Oh well, she’s down the hill now, may as well keep going a bit, just a few more minutes, they’ll probably all still be asleep when she gets back anyway, though maybe Steve in his dressing gown, picking at his feet and doing the crossword from last weekend’s paper which is pointless but harmless – the crossword, not the picking, the picking makes Steve much more likely to have his scratching fingers bashed with some handy domestic implement, with the iron or the big orange pan, than he seems to understand. It doesn’t change anything, does it, doing a puzzle, you don’t learn anything or make anything. It’s exercise for the brain, Steve says, stops you getting dementia, running doesn’t change anything either, you have your hobby and I’ll have mine. Anyway it’s a bit weird, he says, the amount you run, it’s not normal, you do know that, you’re addicted. Fuck off, she says, yes I do know it’s not normal, normal is sitting on the sofa pushing cake into your face and complaining about your weight until you get type-two diabetes and they have to cut your feet off and then you die, no thanks. And she’s out and back before the kids are up, isn’t she, and if it keeps her fit and well into old age he should be grateful, she knows who’ll be looking after whom.

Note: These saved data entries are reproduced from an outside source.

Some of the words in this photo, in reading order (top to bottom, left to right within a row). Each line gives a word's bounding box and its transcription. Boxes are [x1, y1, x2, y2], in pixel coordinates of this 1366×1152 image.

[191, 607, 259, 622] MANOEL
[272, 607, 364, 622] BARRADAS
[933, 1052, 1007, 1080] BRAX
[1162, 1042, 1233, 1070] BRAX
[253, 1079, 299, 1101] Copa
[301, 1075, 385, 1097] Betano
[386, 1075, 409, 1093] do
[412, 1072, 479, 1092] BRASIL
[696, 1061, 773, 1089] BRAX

She must turn back. She can hear her children turning in their beds, scent their morning breath, feel on her fingers the roughness of their uncombed hair. There’ll be small bare feet on that carpet, small morning erections in dinosaur pyjamas. She’ll just go to that bay ahead, where the loch laps boulders and tree-roots under the fog, a tenderness between water and land that’s almost a beach, and she’ll pause there, a moment’s triumph before she turns back.

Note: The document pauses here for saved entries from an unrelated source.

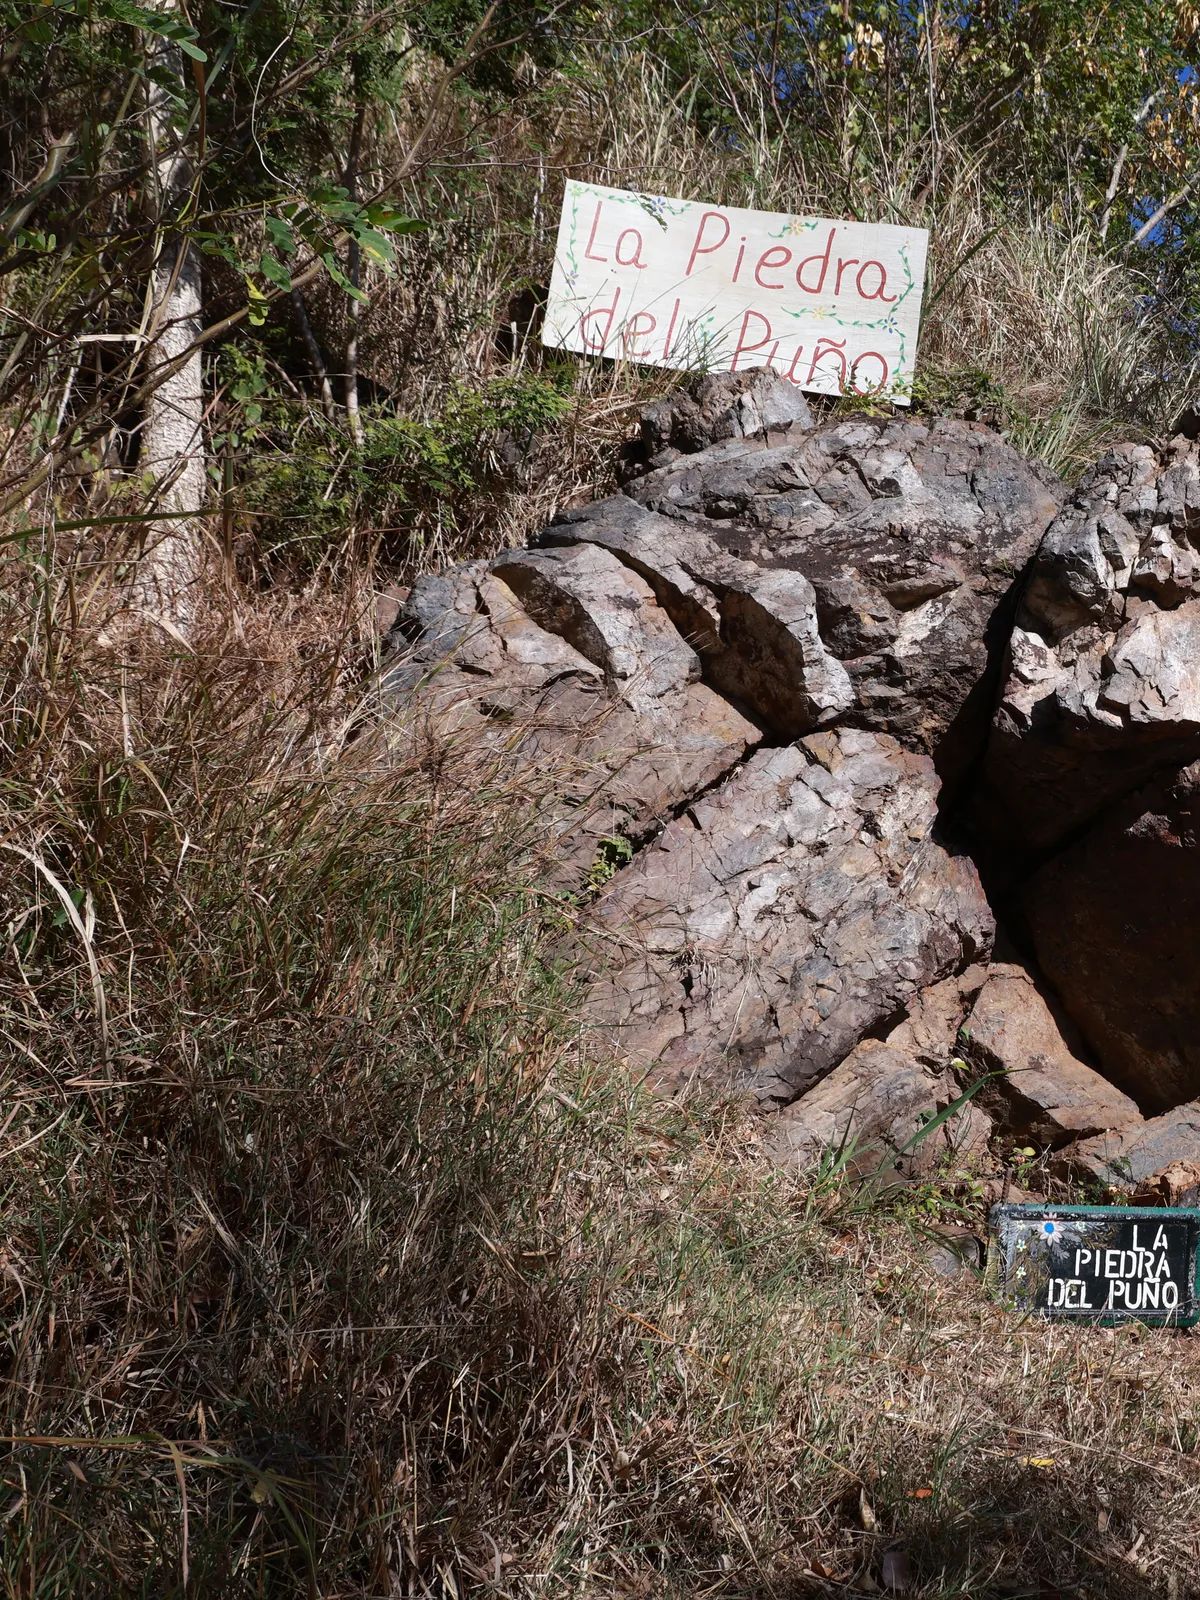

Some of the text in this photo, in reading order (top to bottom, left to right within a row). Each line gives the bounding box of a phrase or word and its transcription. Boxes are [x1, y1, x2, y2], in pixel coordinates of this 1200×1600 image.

[584, 200, 897, 302] La Piedra
[580, 287, 889, 397] del Puño
[1132, 1224, 1168, 1252] LA
[1075, 1249, 1171, 1278] PIEDRA
[1047, 1277, 1179, 1310] DEL PUÑO

And she does pause and she does rest, inhales the morning through the rain, is still, lets water drip from her hair and her top. Here she is, under this mountain, beside this loch. Here, now.
But what’s another person supposed to do, if her heart stops? How would it help, to have a witness?She sets off again before her muscles cool, before the body’s equations change again, back up the hill, under the trees, along the shore. There is a hiker, and another two, mummified in waterproof coats and trousers and gaiters, their rucksacks wrapped in tarpaulin. Just run, she thinks, take it all off and run, and she’s at the top of the hill above the car park when it happens again. Does it feel like a fish in your chest, the doctor said, patients often say it’s like a fish flopping. A bit, she’d said, watching him hold the probe on the bones above her breast the way they’d held it on her belly for the babies, thinking more like a bird, really, a flutter, a brush, nothing to worry about, nothing worth bothering the doctor for if she hadn’t collapsed at the top of the stairs at work. Turned out to be nothing, she said later, to Steve and to HR and to her mum, after the ambulance and the oxygen and the ECG. Nothing at all, I’d run that morning and not got round to breakfast, I’ve always been a fainter, remember when I was carrying Noah? No reason to stop running, one funny turn.
It’s more than a wingbeat this time, as she splashes through the brown puddle that now covers the whole width of the path. More, she thinks, grinning at the menagerie now imagined in her ribcage, at the entire damn food chain gathered in the chambers of her heart, more like a small mammal, something with hurrying feet. Smaller than a hare. A vole, doctor there’s a vole in my upper ventricle. One of these days, she thinks, one of these days, girl, and she pulls off her wet vest, balls it in her hand, picks up the pace, races bare-bellied in the rain past the tent and through the trees and around the barriers at the top of the holiday park, past the bicycles and the blue gas cylinders and the limp laundry and the old man sitting again at his open French windows with a cup of tea. Safety first, the consultant said, there in an overheated pink room with the machines resting between patients, we must think of your kids, they need their mum, don’t they, I’m afraid I must say there’s to be no more running. And if you really won’t take my advice at the very least don’t go far, don’t push yourself, don’t ever run alone.
But what’s another person supposed to do, if her heart stops? How would it help, to have a witness?